Saved entries:
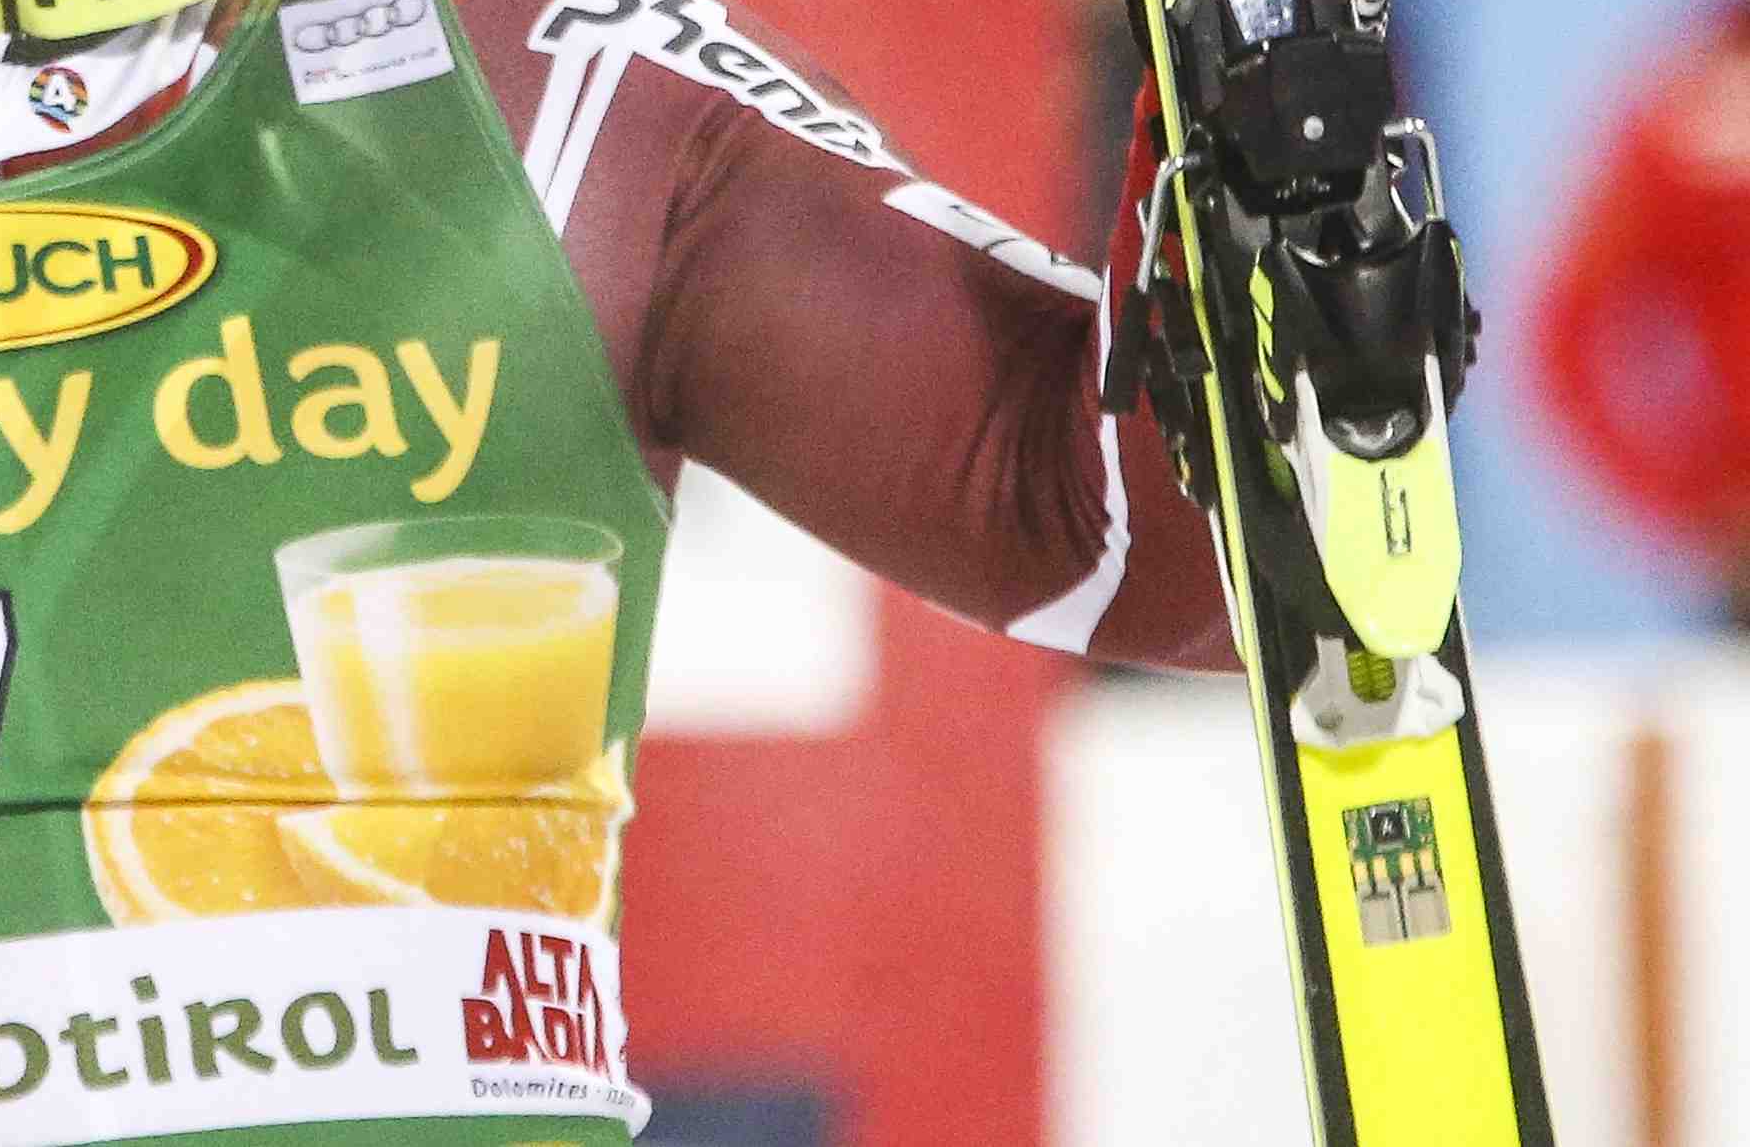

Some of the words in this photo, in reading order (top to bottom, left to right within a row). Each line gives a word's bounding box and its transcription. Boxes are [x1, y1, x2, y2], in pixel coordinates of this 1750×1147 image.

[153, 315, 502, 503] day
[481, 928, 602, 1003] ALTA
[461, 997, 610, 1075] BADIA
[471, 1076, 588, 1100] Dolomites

--

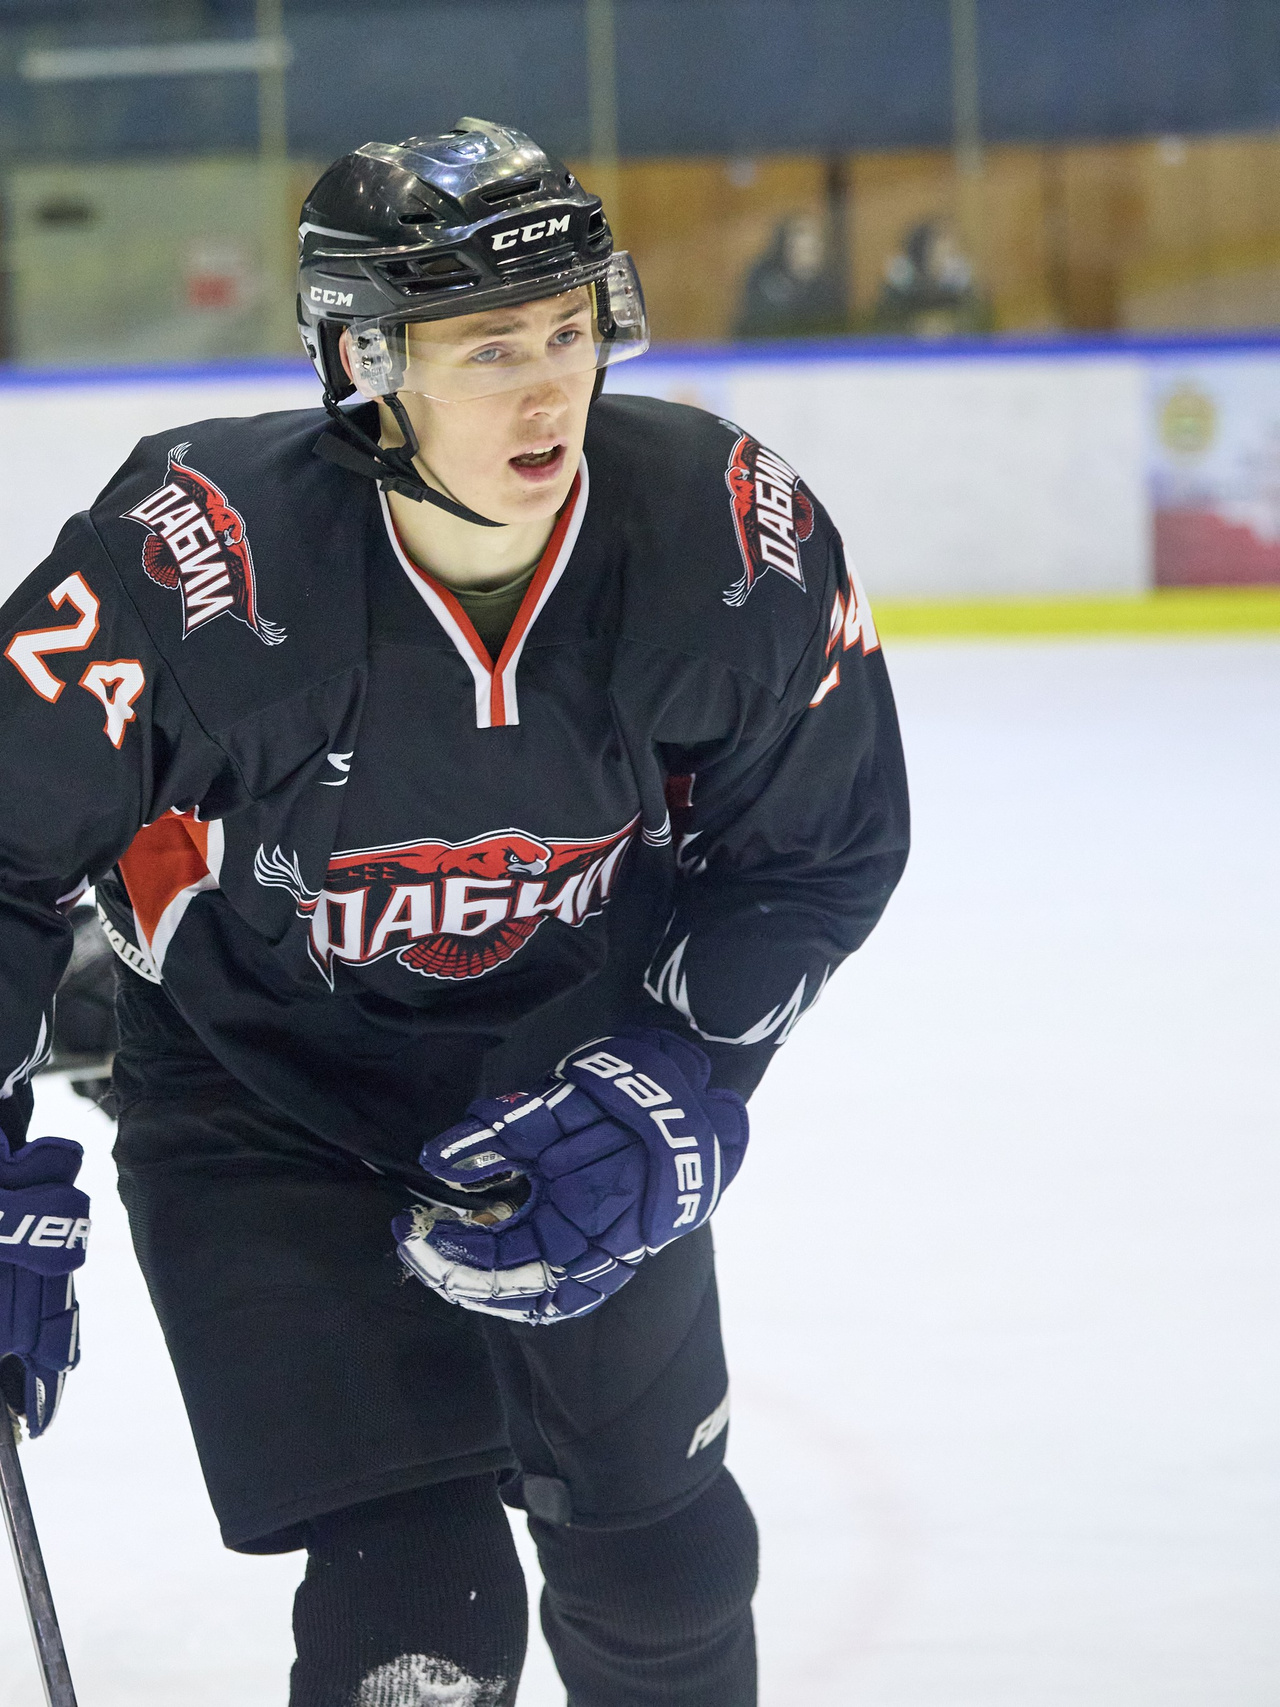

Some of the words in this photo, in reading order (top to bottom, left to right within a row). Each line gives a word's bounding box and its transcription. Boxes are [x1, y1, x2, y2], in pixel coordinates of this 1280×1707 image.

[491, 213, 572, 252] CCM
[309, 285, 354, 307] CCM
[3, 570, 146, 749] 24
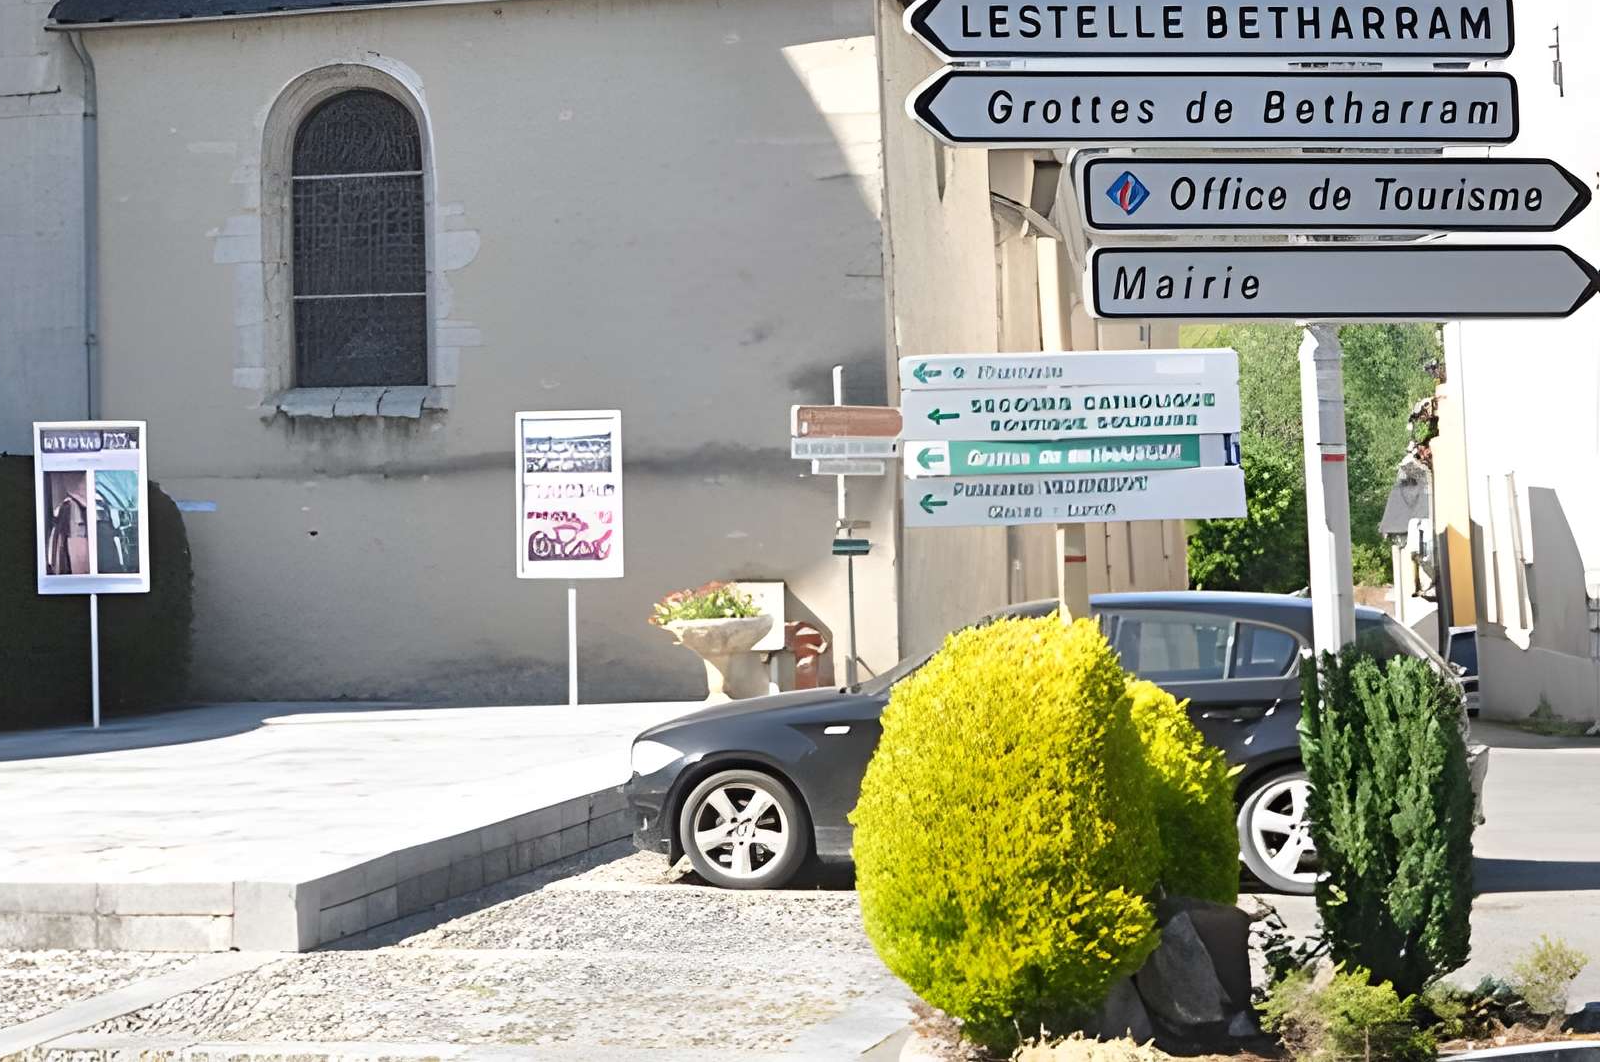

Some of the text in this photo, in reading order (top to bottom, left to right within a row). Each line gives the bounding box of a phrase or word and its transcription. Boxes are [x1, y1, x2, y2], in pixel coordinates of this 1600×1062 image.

--

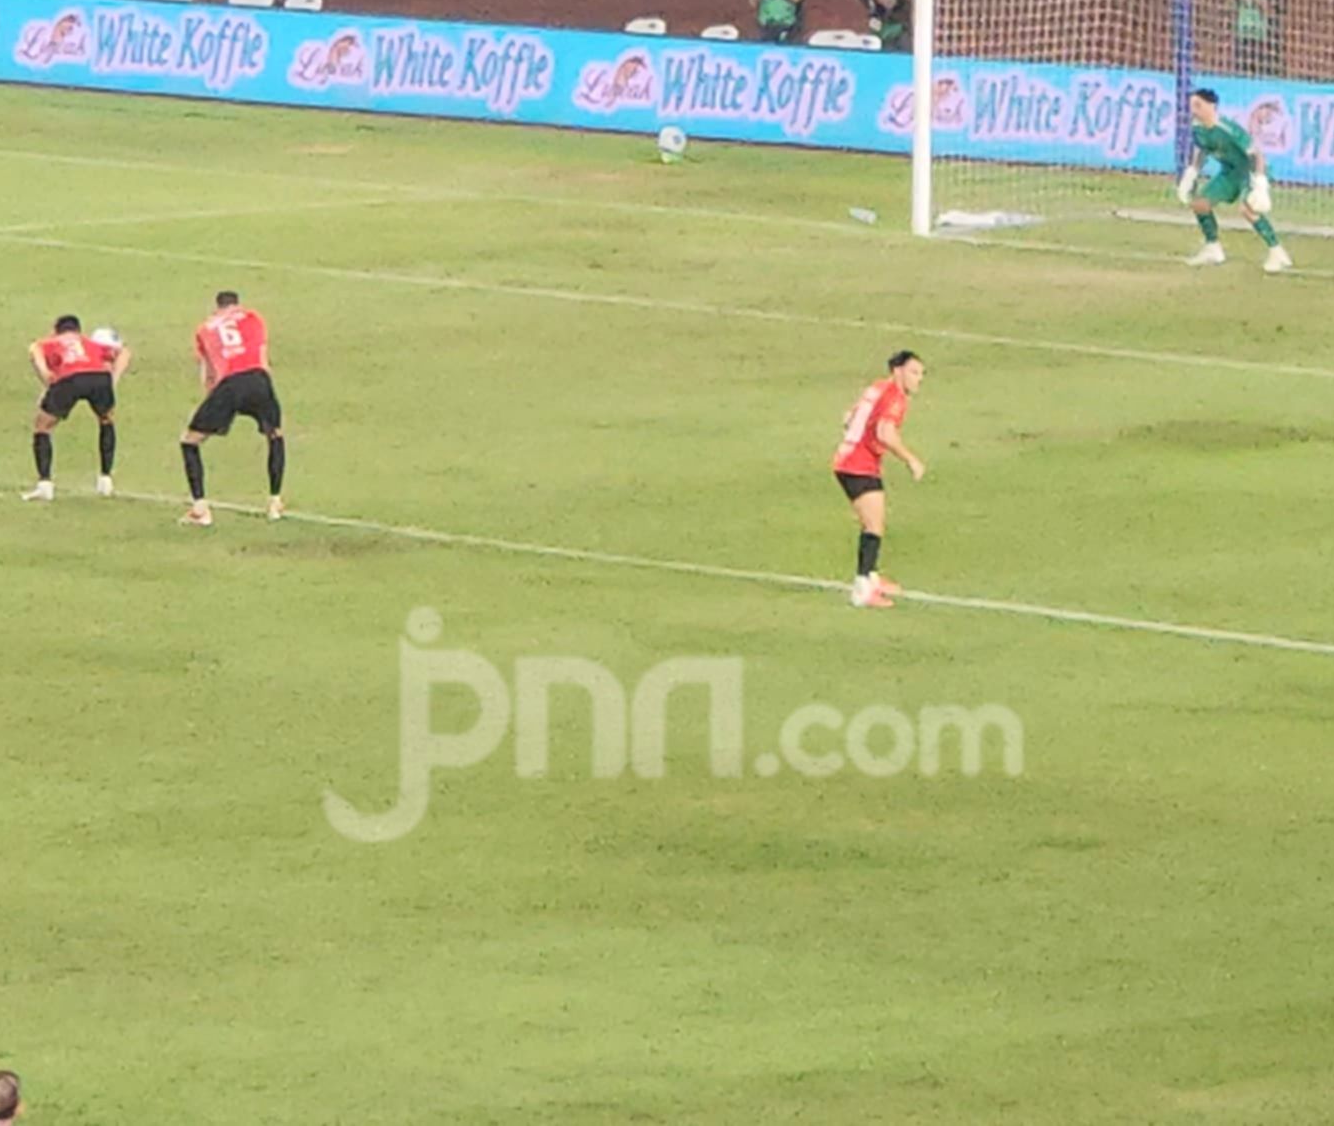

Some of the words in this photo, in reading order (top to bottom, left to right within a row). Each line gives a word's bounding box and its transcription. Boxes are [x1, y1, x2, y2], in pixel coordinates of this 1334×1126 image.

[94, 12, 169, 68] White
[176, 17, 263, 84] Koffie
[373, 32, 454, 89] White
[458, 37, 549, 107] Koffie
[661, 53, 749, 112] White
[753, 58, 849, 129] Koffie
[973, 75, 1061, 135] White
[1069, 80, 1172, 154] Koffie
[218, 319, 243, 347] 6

Activity:
Each line above that falls between the line with "this 1280×1707 image." and the line with "Some of the text" should be printed exactly, together with those two lines, but the pictures should not.

Result for this task:
Some of the words in this photo, in reading order (top to bottom, left to right within a row). Each line gives a word's bounding box and its transcription. Boxes are [x1, y1, x2, y2], in pixel coordinates of this 1280×1707 image.

[491, 213, 572, 252] CCM
[309, 285, 354, 307] CCM
[3, 570, 146, 749] 24

Some of the text in this photo, in reading order (top to bottom, left to right within a row). Each line gives the bounding box of a phrase or word and its transcription. Boxes are [x1, y1, x2, y2], in pixel coordinates of this 1600×1062 image.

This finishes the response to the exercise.